VITANOVA BIOMEDICAL’S CANCER THERAPY TECHNOLOGY PLATFORM IS CALLED LIGHT-ACTIVATED INTRACELLULAR ACIDOSIS (LAIA)
Vitanova Biomedical (VNB) has developed a proprietary energy-based technique to elicit cancer-specific intracellular acidosis. The foundation of VNB’s core technology combines three proven principles accepted in today’s cancer therapeutics:
- Intracellular acidosis kills cancer cells
- Compounds can be activated by specific wavelengths of light.

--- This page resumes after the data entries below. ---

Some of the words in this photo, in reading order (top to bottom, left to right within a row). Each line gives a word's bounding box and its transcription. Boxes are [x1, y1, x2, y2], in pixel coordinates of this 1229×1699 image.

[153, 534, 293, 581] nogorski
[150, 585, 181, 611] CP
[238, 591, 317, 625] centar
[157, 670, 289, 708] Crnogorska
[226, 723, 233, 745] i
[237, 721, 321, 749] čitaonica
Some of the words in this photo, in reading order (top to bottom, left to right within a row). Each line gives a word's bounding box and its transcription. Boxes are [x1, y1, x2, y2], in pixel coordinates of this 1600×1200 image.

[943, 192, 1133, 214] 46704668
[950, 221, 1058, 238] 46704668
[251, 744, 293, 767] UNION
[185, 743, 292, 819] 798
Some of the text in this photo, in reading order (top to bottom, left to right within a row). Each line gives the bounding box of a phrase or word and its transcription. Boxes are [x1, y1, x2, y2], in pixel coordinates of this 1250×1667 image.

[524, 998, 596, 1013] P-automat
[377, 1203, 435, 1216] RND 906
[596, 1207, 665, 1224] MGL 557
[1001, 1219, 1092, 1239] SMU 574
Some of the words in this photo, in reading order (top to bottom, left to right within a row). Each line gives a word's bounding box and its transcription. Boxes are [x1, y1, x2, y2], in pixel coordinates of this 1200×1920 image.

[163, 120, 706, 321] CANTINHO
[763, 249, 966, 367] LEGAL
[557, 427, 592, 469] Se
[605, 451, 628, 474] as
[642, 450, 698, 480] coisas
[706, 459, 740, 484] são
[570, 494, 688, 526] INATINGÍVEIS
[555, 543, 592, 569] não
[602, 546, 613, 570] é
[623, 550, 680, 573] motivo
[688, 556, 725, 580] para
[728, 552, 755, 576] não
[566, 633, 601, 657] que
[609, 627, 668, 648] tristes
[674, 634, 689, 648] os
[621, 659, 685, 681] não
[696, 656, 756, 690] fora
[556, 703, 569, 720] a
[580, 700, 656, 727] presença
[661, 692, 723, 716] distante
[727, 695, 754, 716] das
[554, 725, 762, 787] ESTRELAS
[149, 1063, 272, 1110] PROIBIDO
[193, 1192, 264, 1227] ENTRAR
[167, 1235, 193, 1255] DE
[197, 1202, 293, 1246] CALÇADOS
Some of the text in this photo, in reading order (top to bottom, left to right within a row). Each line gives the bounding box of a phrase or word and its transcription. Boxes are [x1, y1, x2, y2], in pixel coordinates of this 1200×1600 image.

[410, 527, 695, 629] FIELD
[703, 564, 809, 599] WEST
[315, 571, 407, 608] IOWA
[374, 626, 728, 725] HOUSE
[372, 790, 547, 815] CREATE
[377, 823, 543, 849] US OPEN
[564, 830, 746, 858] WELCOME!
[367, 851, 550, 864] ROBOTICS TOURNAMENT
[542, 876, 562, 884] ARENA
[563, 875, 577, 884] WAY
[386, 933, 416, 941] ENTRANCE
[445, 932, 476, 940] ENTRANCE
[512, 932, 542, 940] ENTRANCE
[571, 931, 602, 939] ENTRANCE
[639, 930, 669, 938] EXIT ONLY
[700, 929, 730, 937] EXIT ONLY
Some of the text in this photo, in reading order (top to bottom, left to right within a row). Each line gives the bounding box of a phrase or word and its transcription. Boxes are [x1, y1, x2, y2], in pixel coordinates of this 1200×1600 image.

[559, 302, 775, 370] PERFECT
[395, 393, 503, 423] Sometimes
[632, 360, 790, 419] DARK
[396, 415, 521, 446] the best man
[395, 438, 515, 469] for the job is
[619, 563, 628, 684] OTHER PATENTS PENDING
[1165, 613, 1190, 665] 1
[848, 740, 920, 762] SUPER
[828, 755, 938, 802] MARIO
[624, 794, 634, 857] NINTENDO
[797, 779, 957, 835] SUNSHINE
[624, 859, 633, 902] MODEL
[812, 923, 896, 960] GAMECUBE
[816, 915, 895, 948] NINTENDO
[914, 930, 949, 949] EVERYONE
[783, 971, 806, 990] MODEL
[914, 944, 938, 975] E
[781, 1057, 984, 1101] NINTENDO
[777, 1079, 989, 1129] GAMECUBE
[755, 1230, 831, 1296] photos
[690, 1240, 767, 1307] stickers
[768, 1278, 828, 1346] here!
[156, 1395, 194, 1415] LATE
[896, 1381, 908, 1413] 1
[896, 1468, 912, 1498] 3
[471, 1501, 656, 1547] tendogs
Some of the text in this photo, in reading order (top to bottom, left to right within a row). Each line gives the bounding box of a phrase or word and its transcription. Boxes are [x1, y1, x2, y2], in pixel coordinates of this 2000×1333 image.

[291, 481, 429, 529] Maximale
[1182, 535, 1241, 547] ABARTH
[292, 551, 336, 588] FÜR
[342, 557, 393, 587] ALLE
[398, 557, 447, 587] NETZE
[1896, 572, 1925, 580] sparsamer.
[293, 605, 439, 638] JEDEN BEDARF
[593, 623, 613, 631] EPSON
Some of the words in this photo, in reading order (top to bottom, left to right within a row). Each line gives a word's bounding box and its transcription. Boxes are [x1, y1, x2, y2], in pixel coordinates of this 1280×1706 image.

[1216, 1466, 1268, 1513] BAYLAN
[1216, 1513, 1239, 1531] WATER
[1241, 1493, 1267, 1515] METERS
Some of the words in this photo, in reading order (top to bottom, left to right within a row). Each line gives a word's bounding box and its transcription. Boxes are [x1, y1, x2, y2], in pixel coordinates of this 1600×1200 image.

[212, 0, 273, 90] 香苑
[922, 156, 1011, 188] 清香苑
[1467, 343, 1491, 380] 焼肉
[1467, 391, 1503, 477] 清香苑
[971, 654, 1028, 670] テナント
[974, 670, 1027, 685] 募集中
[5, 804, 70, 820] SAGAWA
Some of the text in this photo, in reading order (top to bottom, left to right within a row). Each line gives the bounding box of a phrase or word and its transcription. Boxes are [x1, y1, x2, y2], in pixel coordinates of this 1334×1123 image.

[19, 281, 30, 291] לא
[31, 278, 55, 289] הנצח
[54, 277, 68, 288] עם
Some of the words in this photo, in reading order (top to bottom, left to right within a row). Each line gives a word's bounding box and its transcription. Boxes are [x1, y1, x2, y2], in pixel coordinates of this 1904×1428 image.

- Nanoparticles can be actively targeted to only cancer using antibody/antigen conjugation
Rapid intracellular acidosis is achieved by the light-activation of VNB’s lead compound (VNBp-1), a yttrium (Yt) and thulium (Tm+) based upconverting nanoparticle (UCNP) conjugated to nitrobenzaldehyde (NBA), an acid donor that releases hydrogen ions in response to ultraviolet light. VNBp-1 is formulated to become photo-activated by deep-penetrating 980 nm near infrared light, which it then converts the 980 nm light to the ultraviolet light needed to release protons from NBA. VNBp-1 is also conjugated to prostate specific membrane antibody (PSMAb), which will selectively bind to prostate specific membrane antigen (PSMA) found only on the surface of prostate cancer cells. Once bound to the antigen, VNBp-1 will undergo endocytosis and become internalized in the prostate cancer cells.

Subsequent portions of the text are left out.